Mini-koningskwestie

Met de mini-koningskwestie wordt in België verwezen naar het gebeuren rond de weigering van koning Boudewijn om het wetsvoorstel tot depenalisering van abortus te bekrachtigen.

Geschiedenis bewerken

Op 30 maart 1990 stuurde Boudewijn twee brieven naar de toenmalige eerste minister Martens waarin hij meedeelde dat hij omwille van morele wroeging zich er niet toe kon brengen het desbetreffende wetsvoorstel te ondertekenen. Hij wilde evenwel het democratische proces niet belemmeren en verzocht daarom in een tweede brief om een oplossing waarbij de wet rechtsgeldig kon worden zonder dat hij die zelf moest handtekenen.[1] Boudewijn zelf geeft in die brief de suggestie van een aanpassing van de grondwet, namelijk artikel 26, alinea 1 zodat de koning niet meer nieuwe wetten zou tekenen.[2]

Boudewijns gewetensbezwaar was gestoeld op zijn diep-katholieke geloofsovertuiging verzwaard door het feit dat het toenmalig koninklijk paar zelf kinderloos was, ondanks een grote kinderwens.

Oplossing bewerken

De oplossing die men bedacht voor de mini-koningskwestie is juridisch omstreden. Martens had zich gebaseerd op de toelichting door ULB-professor Jean Stengers in diens biografie van koning Leopold III.[3] Volgens de kabinetschef van Martens, de constitutionalist André Alen, was hijzelf de bedenker van het idee,[4] namelijk de combinatie van elementen uit twee grondwettelijke bepalingen (de huidige artikelen 90, tweede lid en 93 van de grondwet).

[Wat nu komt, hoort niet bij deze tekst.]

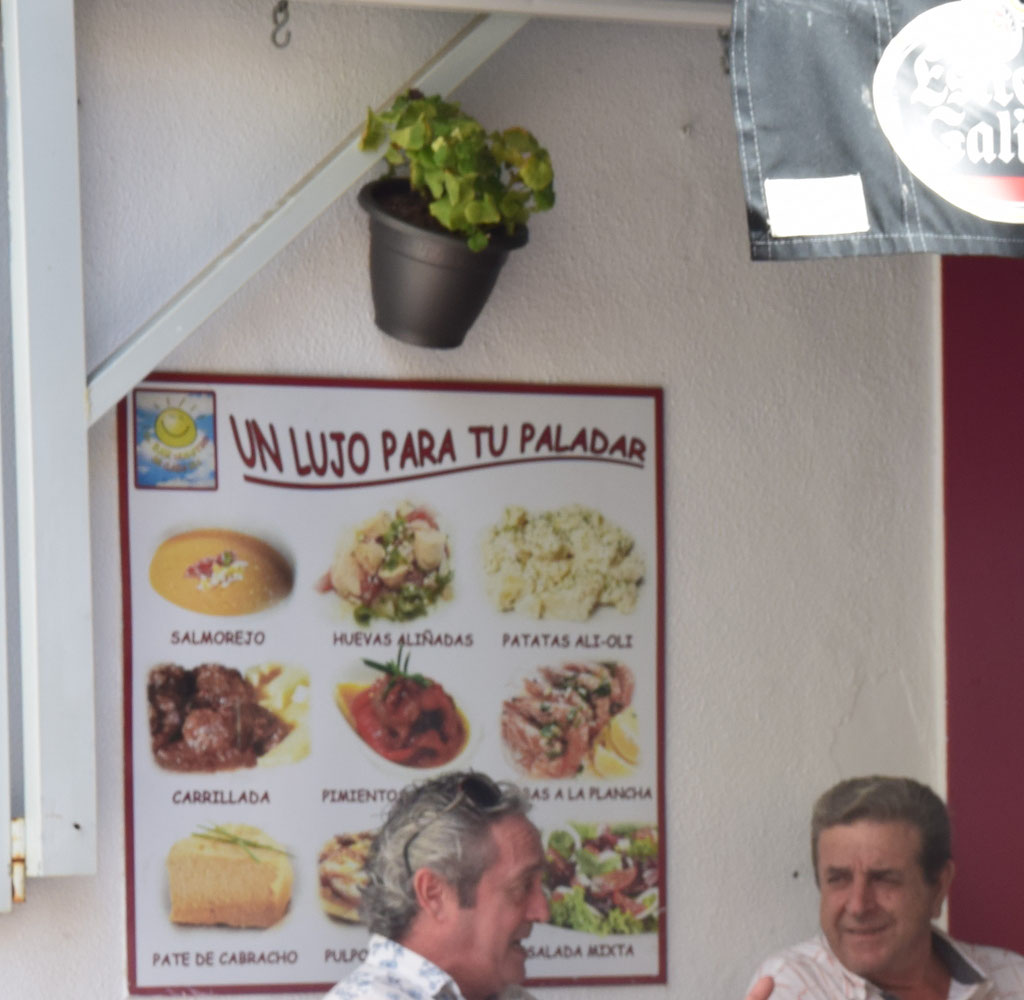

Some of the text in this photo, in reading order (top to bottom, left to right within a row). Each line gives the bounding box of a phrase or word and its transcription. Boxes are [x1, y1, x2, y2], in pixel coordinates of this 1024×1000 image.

[229, 414, 284, 474] UN
[289, 426, 371, 478] LUJO
[381, 429, 457, 473] PARA
[468, 424, 509, 459] TU
[520, 422, 647, 462] PALADAR
[170, 630, 267, 646] SALMOREJO
[332, 628, 474, 648] HUEVAS ALIÑADAS
[502, 632, 634, 649] PATATAS ALI-OLI
[171, 789, 272, 805] CARRILLADA
[321, 787, 403, 803] PIMIENTO
[554, 787, 565, 801] A
[567, 786, 584, 800] LA
[588, 786, 654, 800] PLANCHA
[152, 950, 299, 967] PATE DE CABRACHO
[324, 948, 369, 963] PULPO
[525, 943, 635, 960] SALADA MIXTA
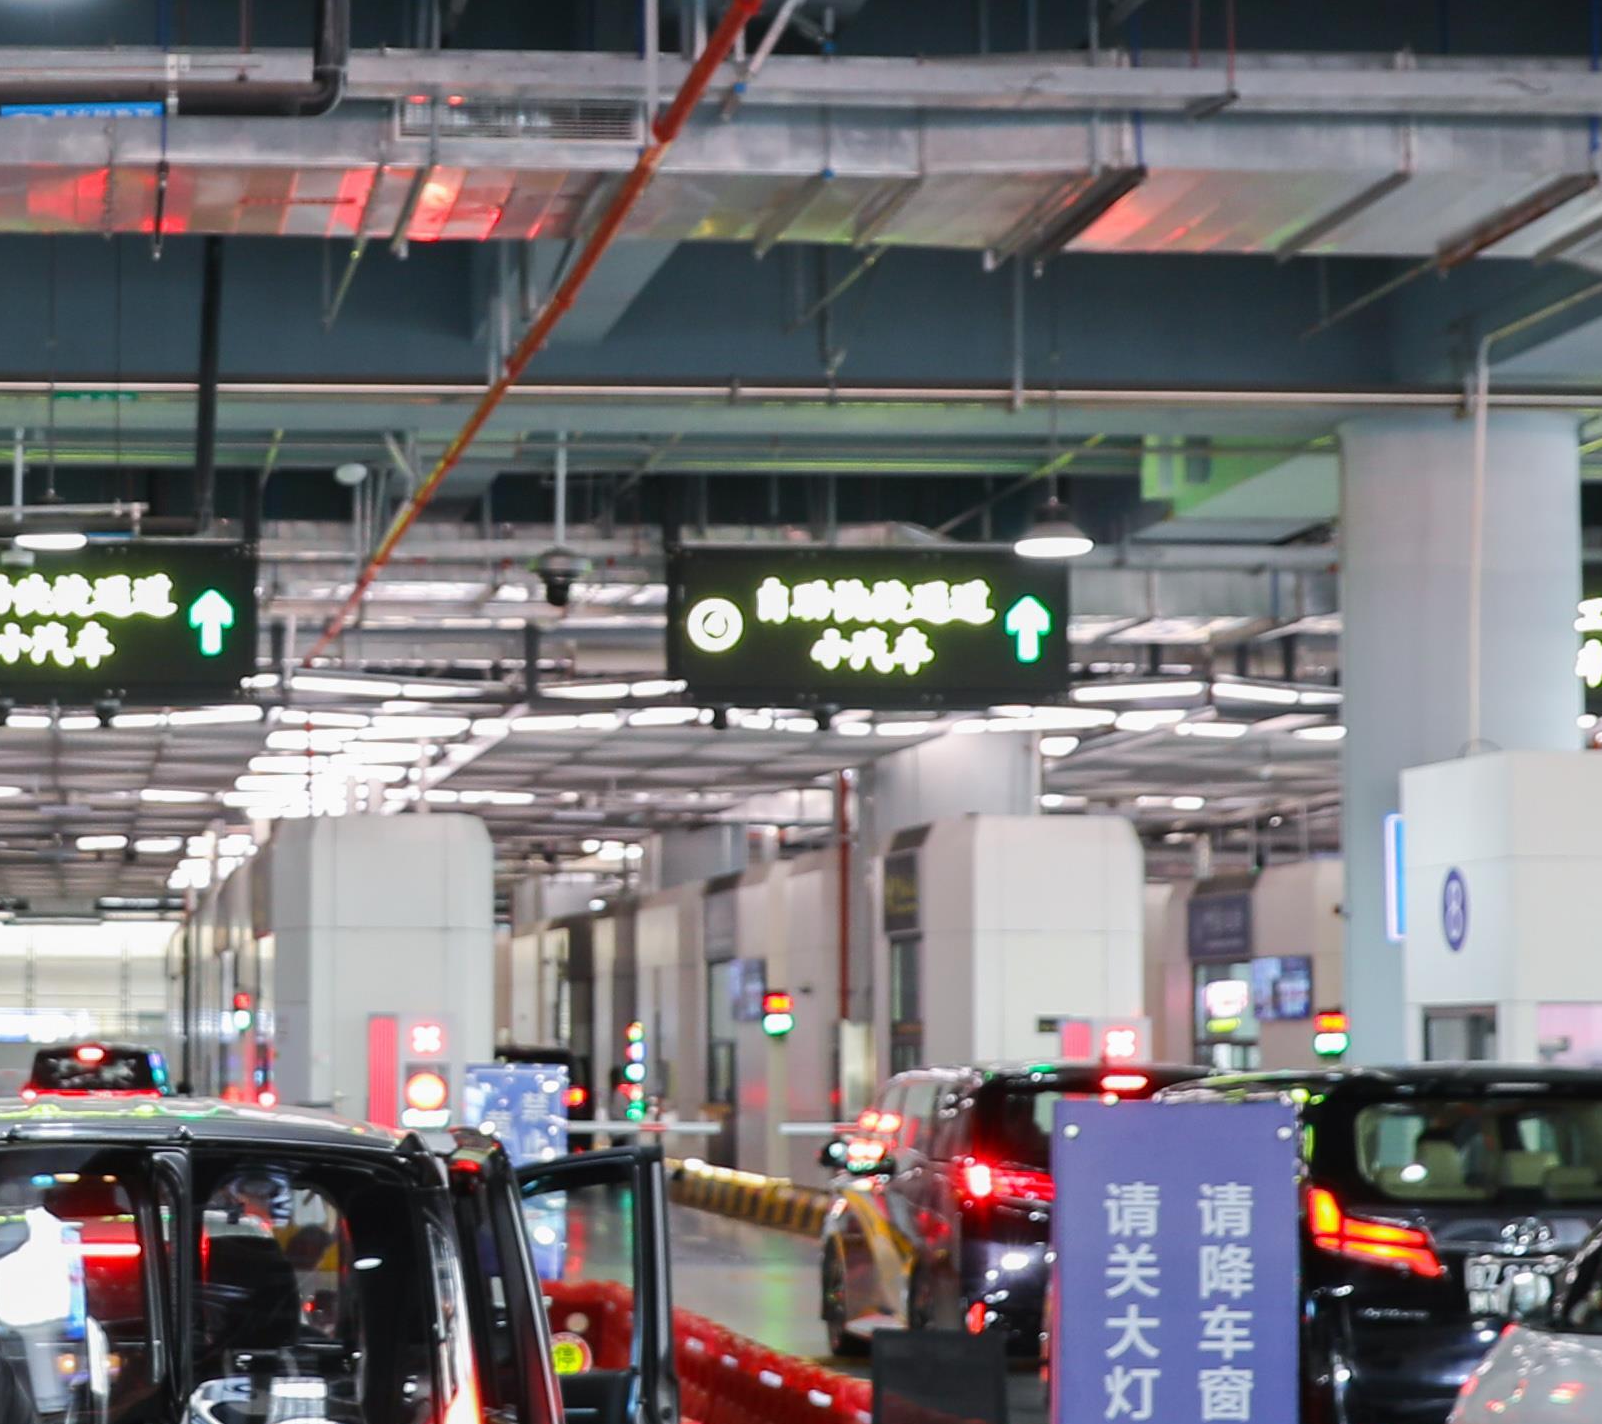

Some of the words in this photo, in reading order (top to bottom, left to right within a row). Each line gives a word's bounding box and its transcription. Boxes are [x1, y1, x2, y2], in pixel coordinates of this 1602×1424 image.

Artikel 90, tweede lid luidt:

Te rekenen van het overlijden van de Koning en tot de eedaflegging van zijn troonopvolger of van de Regent, wordt de grondwettelijke macht van de Koning in naam van het Belgische volk uitgeoefend door de in raad verenigde ministers en onder hun verantwoordelijkheid.

Artikel 93 luidt:

Indien de Koning in de onmogelijkheid verkeert te regeren, roepen de ministers, na deze onmogelijkheid te hebben vastgesteld, de Kamers dadelijk bijeen. Door de verenigde Kamers wordt in de voogdij en in het regentschap voorzien.

Van artikel 90, tweede lid werd enkel de tweede zinsnede gebruikt aangezien de koning niet was overleden. Bij artikel 93 werd enkel gebruik gemaakt van de eerste zin en werd aldus niet voorzien in de voogdij en in het regentschap.

Boudewijns brief werd voorgelezen in de Kamer van volksvertegenwoordigers op 3 april 1990 waarna de onmogelijkheid van de koning om te regeren werd vastgesteld. Hierdoor werd de ministerraad bevoegd voor de bekrachtiging van de wet. Na de bekrachtiging door de ministerraad stelde de gezamenlijke bijeenkomst van Kamer en Senaat op 5 april 1990 bij stemming vast dat de koning weer in de mogelijkheid was om te regeren.

Kritiek bewerken

Volgens sommige rechtsleer omvat de juridische oplossing een selectief lezen van de grondwet.

Andere stemmen poneren dat de onmogelijkheid om te regeren in het verleden werd vastgesteld door derden, terwijl het hier door de koning zelf gebeurde.

Op 19 april werd het incident in de Kamer en Senaat besproken en vroeg de regering-Martens VIII het parlement een stemming over een motie van vertrouwen. Politiek klaagde PVV-voorzitter Guy Verhofstadt hierbij namens de oppositie dat de regering volgens hem ongrondwettelijk had gehandeld. De onmogelijkheid te regeren moest volgens hem zijn oorsprong vinden in omstandigheden buiten de wil van de koning. VU-kamerlid Paul Van Grembergen uit de meerderheid en Henri Simons namens Agalev-Ecolo in oppositie pleitten beide voor een transitie naar het Zweeds model, met een louter protocollair koningschap. Martens repliceerde dat de onmogelijkheid voor de Koning om te regeren in de grondwet zelf niet was omschreven en dat de rechtsleer niet tegensprak dat de ministerraad deze vaststelling kon doen.[5]